To learn to say “No”, we need to understand why we find it difficult. Many people find it hard to
say “No” because they want to help and are trying to be nice and to be liked. For others, it is a
fear of conflict, rejection or missed opportunities. Remember that these barriers to saying “No”
are all self-created.
We might feel reluctant to respond to a request with a straight “No”, at least at first. Instead think
of some pre-prepared phrases to let other people down more gently.
Practice saying phrases such as:
“I am sorry but I can’t commit to this as I have other priorities at the moment.”
“Now is not a good time as I’m in the middle of something. Why don’t you ask me again at….?”
“I’d love to do this, but …”
Manage Your Time:
At times, we all feel overburdened by our 'To Do' list and this is a common cause of stress. Accept
that everything can not be done every time at once and start to prioritize and diaries the tasks.
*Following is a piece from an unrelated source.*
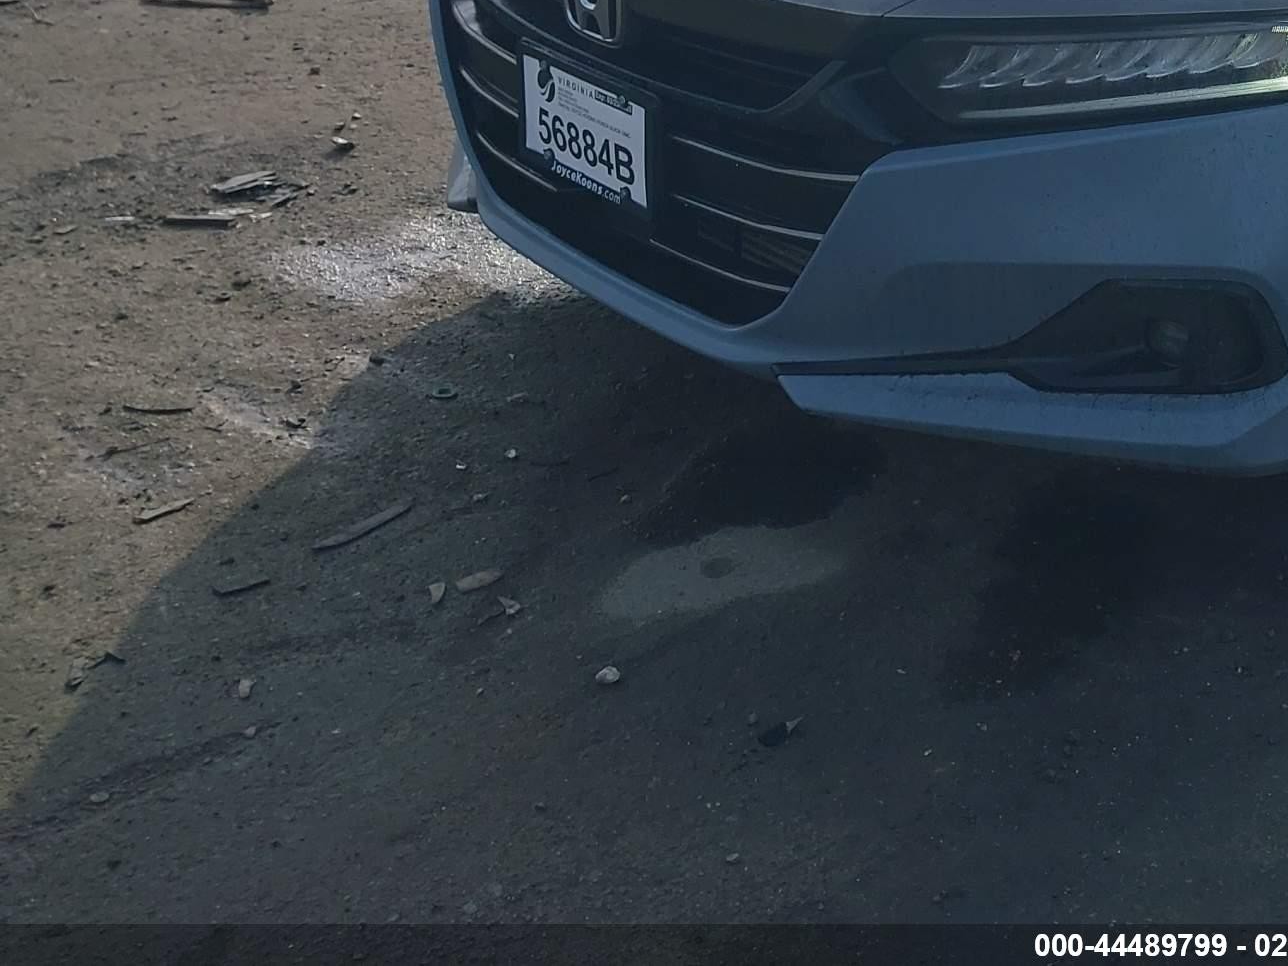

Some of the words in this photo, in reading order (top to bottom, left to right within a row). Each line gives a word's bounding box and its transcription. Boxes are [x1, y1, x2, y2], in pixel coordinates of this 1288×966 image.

[557, 76, 594, 99] VIRGINIA
[538, 106, 635, 185] 56884B
[551, 161, 621, 204] JoyceKoons.com
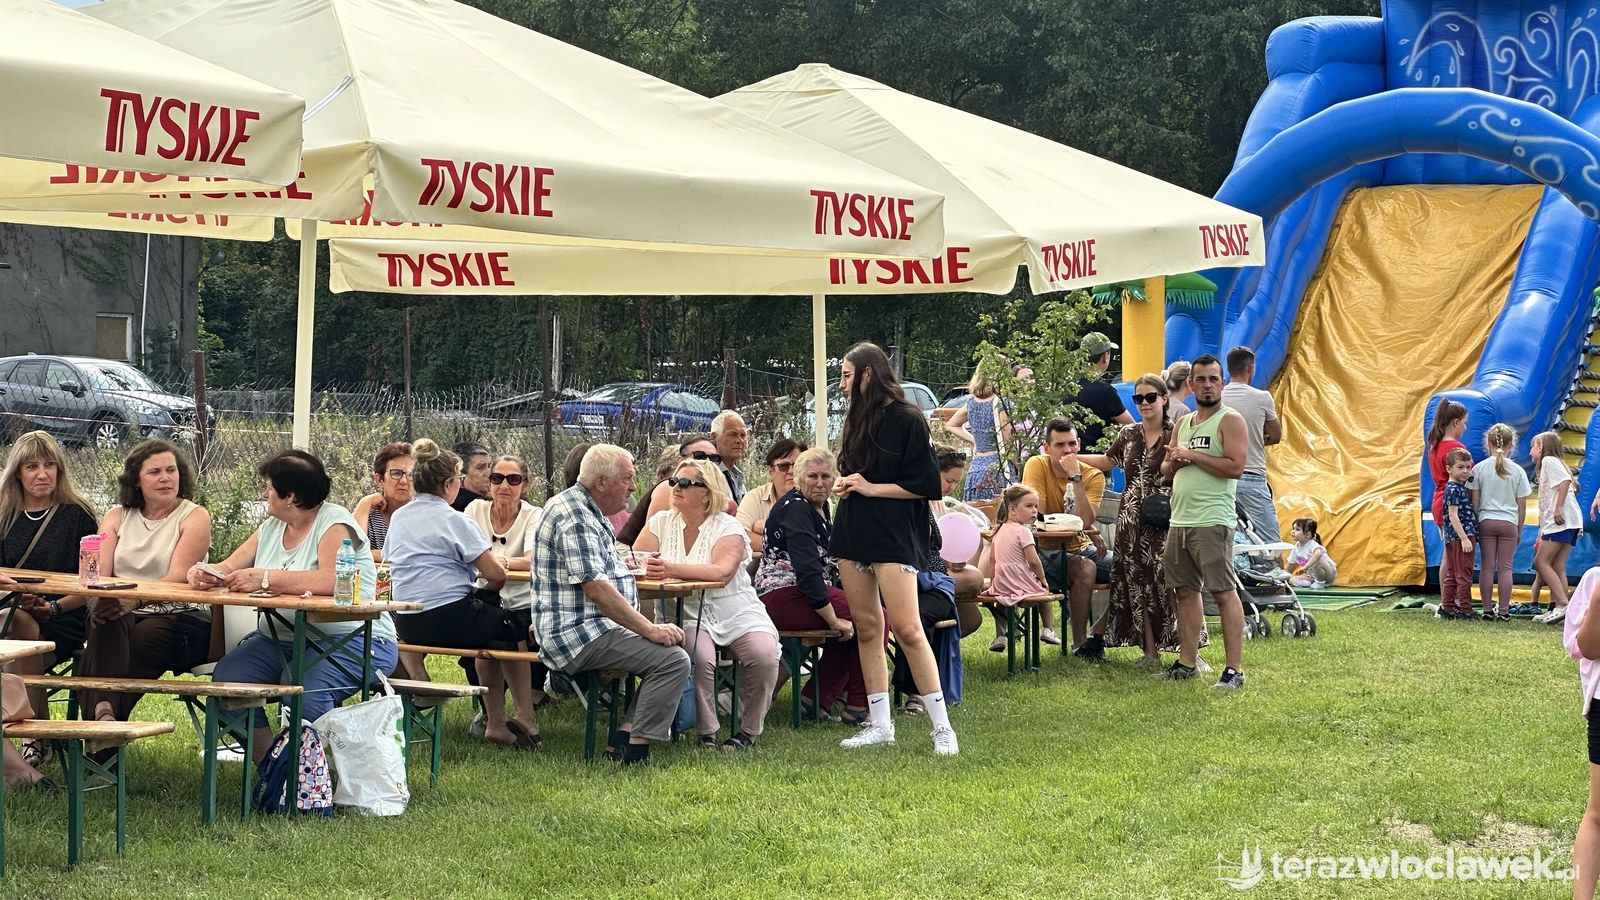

Make a list of all the things that needs to be done and list them in order of genuine priority. Note
what tasks are needed to be done personally and what can be delegated to others. Record which
tasks need to be done immediately, in the next week, in the next month, or when time allows.
By editing what might have started out as an overwhelming and unmanageable task list, we can
break it down into a series of smaller, more manageable tasks spread out over a longer time frame,
with some tasks removed from the list entirely through delegation.
Remember as well to create buffer times to deal with unexpected and emergency tasks, and to
include time for our own relaxation and well-being.